What you should do: Exact copies of all entries are expected.

Items from a dataset:

═══

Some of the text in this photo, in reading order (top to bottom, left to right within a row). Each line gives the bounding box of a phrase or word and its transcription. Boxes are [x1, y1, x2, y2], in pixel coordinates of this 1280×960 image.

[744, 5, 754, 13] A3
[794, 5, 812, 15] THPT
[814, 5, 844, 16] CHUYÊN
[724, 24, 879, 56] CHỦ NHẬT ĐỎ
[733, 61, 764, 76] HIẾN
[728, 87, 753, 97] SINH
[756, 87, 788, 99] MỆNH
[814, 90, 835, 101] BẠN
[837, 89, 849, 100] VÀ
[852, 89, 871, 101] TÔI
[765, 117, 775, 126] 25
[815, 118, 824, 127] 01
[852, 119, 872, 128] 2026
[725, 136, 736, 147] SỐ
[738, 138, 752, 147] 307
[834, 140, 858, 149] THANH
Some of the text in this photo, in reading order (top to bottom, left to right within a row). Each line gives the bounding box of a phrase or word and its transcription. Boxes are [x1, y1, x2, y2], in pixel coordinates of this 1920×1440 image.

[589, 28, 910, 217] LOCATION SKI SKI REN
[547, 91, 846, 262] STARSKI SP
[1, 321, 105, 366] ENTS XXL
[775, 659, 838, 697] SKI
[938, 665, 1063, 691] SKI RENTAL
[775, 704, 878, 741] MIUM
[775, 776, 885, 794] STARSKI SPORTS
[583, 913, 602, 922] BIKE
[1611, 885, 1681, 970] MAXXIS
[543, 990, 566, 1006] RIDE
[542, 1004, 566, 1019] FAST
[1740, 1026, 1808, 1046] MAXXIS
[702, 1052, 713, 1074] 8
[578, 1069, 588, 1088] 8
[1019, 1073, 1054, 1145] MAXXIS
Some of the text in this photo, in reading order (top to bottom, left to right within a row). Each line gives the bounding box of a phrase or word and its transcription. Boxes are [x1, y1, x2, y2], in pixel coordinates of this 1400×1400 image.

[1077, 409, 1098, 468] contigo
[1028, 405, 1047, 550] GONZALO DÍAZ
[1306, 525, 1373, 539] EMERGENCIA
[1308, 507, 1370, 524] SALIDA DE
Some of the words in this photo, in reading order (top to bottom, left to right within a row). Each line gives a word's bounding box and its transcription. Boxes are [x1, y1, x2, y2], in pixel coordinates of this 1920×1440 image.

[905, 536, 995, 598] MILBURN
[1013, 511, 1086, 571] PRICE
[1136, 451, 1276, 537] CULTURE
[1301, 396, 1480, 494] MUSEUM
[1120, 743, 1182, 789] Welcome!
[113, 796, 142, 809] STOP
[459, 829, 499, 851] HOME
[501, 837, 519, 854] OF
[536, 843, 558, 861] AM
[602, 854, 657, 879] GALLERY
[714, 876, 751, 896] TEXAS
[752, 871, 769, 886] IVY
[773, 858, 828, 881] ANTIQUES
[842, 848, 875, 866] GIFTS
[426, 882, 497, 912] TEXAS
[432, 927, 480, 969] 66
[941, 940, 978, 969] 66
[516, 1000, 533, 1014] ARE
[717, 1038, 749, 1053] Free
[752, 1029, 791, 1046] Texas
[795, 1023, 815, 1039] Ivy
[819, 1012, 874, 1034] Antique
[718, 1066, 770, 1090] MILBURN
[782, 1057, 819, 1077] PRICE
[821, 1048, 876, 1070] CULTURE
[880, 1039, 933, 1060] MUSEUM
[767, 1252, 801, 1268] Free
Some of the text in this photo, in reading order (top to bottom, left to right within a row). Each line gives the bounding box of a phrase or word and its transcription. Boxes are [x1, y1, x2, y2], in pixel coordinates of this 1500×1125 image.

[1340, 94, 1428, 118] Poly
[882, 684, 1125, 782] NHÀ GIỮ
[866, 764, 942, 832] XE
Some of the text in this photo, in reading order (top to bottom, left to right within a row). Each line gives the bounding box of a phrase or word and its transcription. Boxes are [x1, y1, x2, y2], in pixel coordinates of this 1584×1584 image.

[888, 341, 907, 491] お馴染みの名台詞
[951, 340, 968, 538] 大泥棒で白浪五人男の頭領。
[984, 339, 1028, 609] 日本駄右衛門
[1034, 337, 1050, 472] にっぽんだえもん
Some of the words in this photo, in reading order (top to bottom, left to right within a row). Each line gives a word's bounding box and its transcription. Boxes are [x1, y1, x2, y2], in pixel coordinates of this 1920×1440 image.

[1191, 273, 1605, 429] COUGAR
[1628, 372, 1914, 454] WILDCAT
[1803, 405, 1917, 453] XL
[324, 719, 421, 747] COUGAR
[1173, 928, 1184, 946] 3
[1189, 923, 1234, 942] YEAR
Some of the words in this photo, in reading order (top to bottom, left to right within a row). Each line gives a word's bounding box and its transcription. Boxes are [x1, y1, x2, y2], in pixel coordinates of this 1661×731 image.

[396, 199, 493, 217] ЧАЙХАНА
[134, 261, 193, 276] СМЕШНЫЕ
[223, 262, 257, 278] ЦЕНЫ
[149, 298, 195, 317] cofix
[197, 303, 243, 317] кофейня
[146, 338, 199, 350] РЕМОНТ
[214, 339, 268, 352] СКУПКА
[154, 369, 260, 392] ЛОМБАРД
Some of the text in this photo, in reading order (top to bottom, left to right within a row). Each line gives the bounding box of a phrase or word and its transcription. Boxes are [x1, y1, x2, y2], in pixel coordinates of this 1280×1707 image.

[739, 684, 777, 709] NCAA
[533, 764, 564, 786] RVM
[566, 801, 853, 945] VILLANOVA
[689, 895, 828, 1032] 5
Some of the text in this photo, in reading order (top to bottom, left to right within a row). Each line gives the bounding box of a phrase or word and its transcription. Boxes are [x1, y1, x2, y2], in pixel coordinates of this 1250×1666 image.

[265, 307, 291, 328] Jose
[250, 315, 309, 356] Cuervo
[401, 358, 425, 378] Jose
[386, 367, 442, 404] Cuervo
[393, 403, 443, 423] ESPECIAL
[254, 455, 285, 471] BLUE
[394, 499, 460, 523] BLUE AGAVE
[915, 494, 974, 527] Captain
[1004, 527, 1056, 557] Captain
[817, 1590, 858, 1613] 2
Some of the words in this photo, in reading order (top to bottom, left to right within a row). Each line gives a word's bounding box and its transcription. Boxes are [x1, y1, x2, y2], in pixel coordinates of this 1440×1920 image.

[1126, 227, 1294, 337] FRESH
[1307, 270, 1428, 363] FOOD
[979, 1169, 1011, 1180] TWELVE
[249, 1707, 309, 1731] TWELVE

═══

Reply:
Some of the text in this photo, in reading order (top to bottom, left to right within a row). Each line gives the bounding box of a phrase or word and its transcription. Boxes are [x1, y1, x2, y2], in pixel coordinates of this 1280×960 image.

[744, 5, 754, 13] A3
[794, 5, 812, 15] THPT
[814, 5, 844, 16] CHUYÊN
[724, 24, 879, 56] CHỦ NHẬT ĐỎ
[733, 61, 764, 76] HIẾN
[728, 87, 753, 97] SINH
[756, 87, 788, 99] MỆNH
[814, 90, 835, 101] BẠN
[837, 89, 849, 100] VÀ
[852, 89, 871, 101] TÔI
[765, 117, 775, 126] 25
[815, 118, 824, 127] 01
[852, 119, 872, 128] 2026
[725, 136, 736, 147] SỐ
[738, 138, 752, 147] 307
[834, 140, 858, 149] THANH
Some of the text in this photo, in reading order (top to bottom, left to right within a row). Each line gives the bounding box of a phrase or word and its transcription. Boxes are [x1, y1, x2, y2], in pixel coordinates of this 1920×1440 image.

[589, 28, 910, 217] LOCATION SKI SKI REN
[547, 91, 846, 262] STARSKI SP
[1, 321, 105, 366] ENTS XXL
[775, 659, 838, 697] SKI
[938, 665, 1063, 691] SKI RENTAL
[775, 704, 878, 741] MIUM
[775, 776, 885, 794] STARSKI SPORTS
[583, 913, 602, 922] BIKE
[1611, 885, 1681, 970] MAXXIS
[543, 990, 566, 1006] RIDE
[542, 1004, 566, 1019] FAST
[1740, 1026, 1808, 1046] MAXXIS
[702, 1052, 713, 1074] 8
[578, 1069, 588, 1088] 8
[1019, 1073, 1054, 1145] MAXXIS
Some of the text in this photo, in reading order (top to bottom, left to right within a row). Each line gives the bounding box of a phrase or word and its transcription. Boxes are [x1, y1, x2, y2], in pixel coordinates of this 1400×1400 image.

[1077, 409, 1098, 468] contigo
[1028, 405, 1047, 550] GONZALO DÍAZ
[1306, 525, 1373, 539] EMERGENCIA
[1308, 507, 1370, 524] SALIDA DE
Some of the words in this photo, in reading order (top to bottom, left to right within a row). Each line gives a word's bounding box and its transcription. Boxes are [x1, y1, x2, y2], in pixel coordinates of this 1920×1440 image.

[905, 536, 995, 598] MILBURN
[1013, 511, 1086, 571] PRICE
[1136, 451, 1276, 537] CULTURE
[1301, 396, 1480, 494] MUSEUM
[1120, 743, 1182, 789] Welcome!
[113, 796, 142, 809] STOP
[459, 829, 499, 851] HOME
[501, 837, 519, 854] OF
[536, 843, 558, 861] AM
[602, 854, 657, 879] GALLERY
[714, 876, 751, 896] TEXAS
[752, 871, 769, 886] IVY
[773, 858, 828, 881] ANTIQUES
[842, 848, 875, 866] GIFTS
[426, 882, 497, 912] TEXAS
[432, 927, 480, 969] 66
[941, 940, 978, 969] 66
[516, 1000, 533, 1014] ARE
[717, 1038, 749, 1053] Free
[752, 1029, 791, 1046] Texas
[795, 1023, 815, 1039] Ivy
[819, 1012, 874, 1034] Antique
[718, 1066, 770, 1090] MILBURN
[782, 1057, 819, 1077] PRICE
[821, 1048, 876, 1070] CULTURE
[880, 1039, 933, 1060] MUSEUM
[767, 1252, 801, 1268] Free
Some of the text in this photo, in reading order (top to bottom, left to right within a row). Each line gives the bounding box of a phrase or word and its transcription. Boxes are [x1, y1, x2, y2], in pixel coordinates of this 1500×1125 image.

[1340, 94, 1428, 118] Poly
[882, 684, 1125, 782] NHÀ GIỮ
[866, 764, 942, 832] XE
Some of the text in this photo, in reading order (top to bottom, left to right within a row). Each line gives the bounding box of a phrase or word and its transcription. Boxes are [x1, y1, x2, y2], in pixel coordinates of this 1584×1584 image.

[888, 341, 907, 491] お馴染みの名台詞
[951, 340, 968, 538] 大泥棒で白浪五人男の頭領。
[984, 339, 1028, 609] 日本駄右衛門
[1034, 337, 1050, 472] にっぽんだえもん
Some of the words in this photo, in reading order (top to bottom, left to right within a row). Each line gives a word's bounding box and its transcription. Boxes are [x1, y1, x2, y2], in pixel coordinates of this 1920×1440 image.

[1191, 273, 1605, 429] COUGAR
[1628, 372, 1914, 454] WILDCAT
[1803, 405, 1917, 453] XL
[324, 719, 421, 747] COUGAR
[1173, 928, 1184, 946] 3
[1189, 923, 1234, 942] YEAR
Some of the words in this photo, in reading order (top to bottom, left to right within a row). Each line gives a word's bounding box and its transcription. Boxes are [x1, y1, x2, y2], in pixel coordinates of this 1661×731 image.

[396, 199, 493, 217] ЧАЙХАНА
[134, 261, 193, 276] СМЕШНЫЕ
[223, 262, 257, 278] ЦЕНЫ
[149, 298, 195, 317] cofix
[197, 303, 243, 317] кофейня
[146, 338, 199, 350] РЕМОНТ
[214, 339, 268, 352] СКУПКА
[154, 369, 260, 392] ЛОМБАРД
Some of the text in this photo, in reading order (top to bottom, left to right within a row). Each line gives the bounding box of a phrase or word and its transcription. Boxes are [x1, y1, x2, y2], in pixel coordinates of this 1280×1707 image.

[739, 684, 777, 709] NCAA
[533, 764, 564, 786] RVM
[566, 801, 853, 945] VILLANOVA
[689, 895, 828, 1032] 5
Some of the text in this photo, in reading order (top to bottom, left to right within a row). Each line gives the bounding box of a phrase or word and its transcription. Boxes are [x1, y1, x2, y2], in pixel coordinates of this 1250×1666 image.

[265, 307, 291, 328] Jose
[250, 315, 309, 356] Cuervo
[401, 358, 425, 378] Jose
[386, 367, 442, 404] Cuervo
[393, 403, 443, 423] ESPECIAL
[254, 455, 285, 471] BLUE
[394, 499, 460, 523] BLUE AGAVE
[915, 494, 974, 527] Captain
[1004, 527, 1056, 557] Captain
[817, 1590, 858, 1613] 2
Some of the words in this photo, in reading order (top to bottom, left to right within a row). Each line gives a word's bounding box and its transcription. Boxes are [x1, y1, x2, y2], in pixel coordinates of this 1440×1920 image.

[1126, 227, 1294, 337] FRESH
[1307, 270, 1428, 363] FOOD
[979, 1169, 1011, 1180] TWELVE
[249, 1707, 309, 1731] TWELVE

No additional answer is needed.